Specifically, I think that clients (and HSes) should determine the set of responsible HSDirs (i.e. the current time period) based on the "valid-after" of their latest consensus, instead of using their local clock. This way, as long as the client's skewed clock is good enough to verify the latest consensus, the client will have a consistent view of the network and SRV (assuming an honest/updated dirguard). I tried to clarify this a bit in commit 465156d, so please let me know if it's not a good idea.
Interesting idea! I think I like it. You're right that in Montreal we were thinking in terms of client clocks, and we might be able to reduce the problem (both in frequency and in magnitude) by considering the time in the last consensus we have.
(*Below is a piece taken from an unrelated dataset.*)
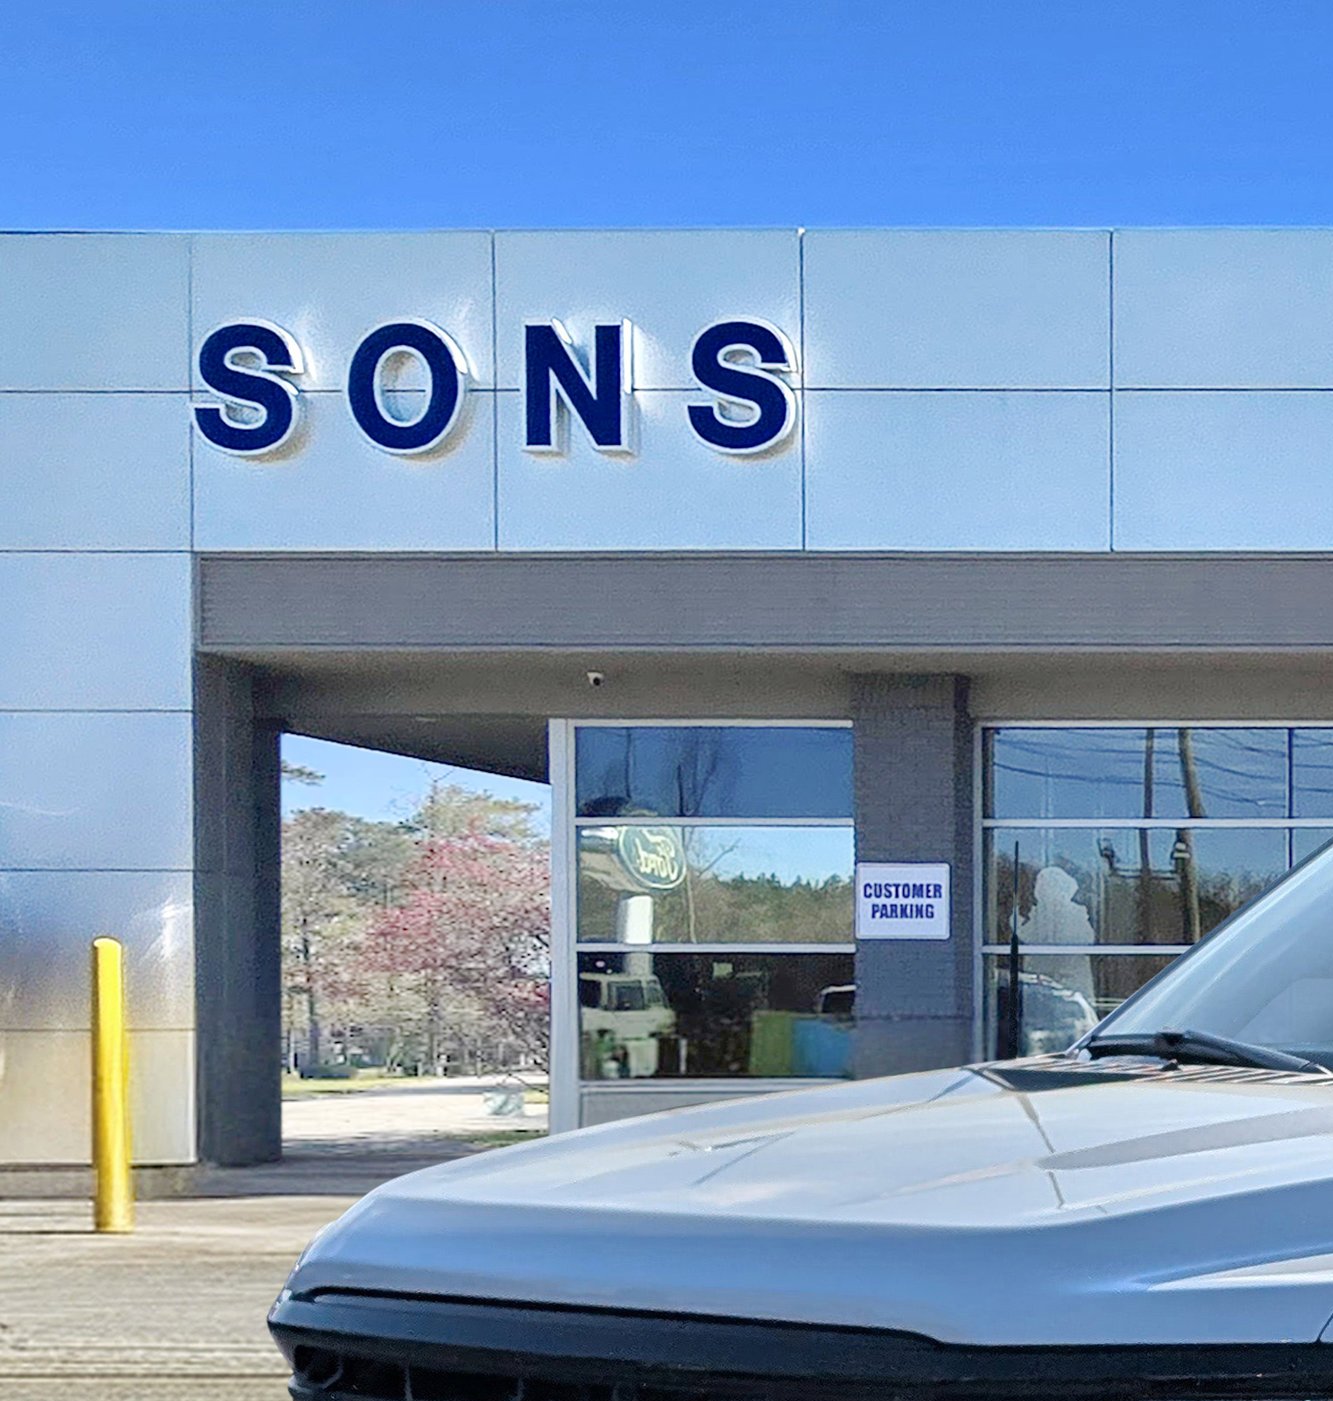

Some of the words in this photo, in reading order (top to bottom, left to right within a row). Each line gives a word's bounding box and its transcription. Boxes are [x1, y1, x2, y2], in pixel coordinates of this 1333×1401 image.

[194, 320, 798, 453] SONS
[864, 883, 942, 898] CUSTOMER
[872, 904, 934, 918] PARKING
Another argument in favor of using the last consensus is that we will be picking the "relays that are closest to the right location in the hash ring" out of our last consensus already. (That is not a strong argument in favor though, I think, since in theory there won't be so much churn in a day that all of the relays in our last consensus will become wrong.)
All of this said, it seems like you are basing your arguments on some expectations about how clients handle consensuses that have surprising dates in them (surprising either because the client's clock is skewed, or because their directory guard gave them the wrong consensus). How *do* clients handle these situations? If we could get the intended / expected behavior written down, then we would have a better chance of identifying bugs in it that we can then fix.
I agree that we should get the intended/expected behavior written down!
A few days have passed and I still feel that using the latest consensus valid_after time is a more robust way for taking decisions on how to perform the HS protocol, than using the local client clock. After all, the whole Tor protocol relies on having a good consensus (for HSDirs, SRV, etc.), so you can't go very far with a bad consensus anyway.
On the subject of clock skewed clients, I opened ticket #19460 with a few suggestions for improving the handling of consensuses with surprising dates. In general, I feel that with the #19460 suggestion implemented, the system can be accomodating towards slightly clock skewed clients both in the forward and backwards directions.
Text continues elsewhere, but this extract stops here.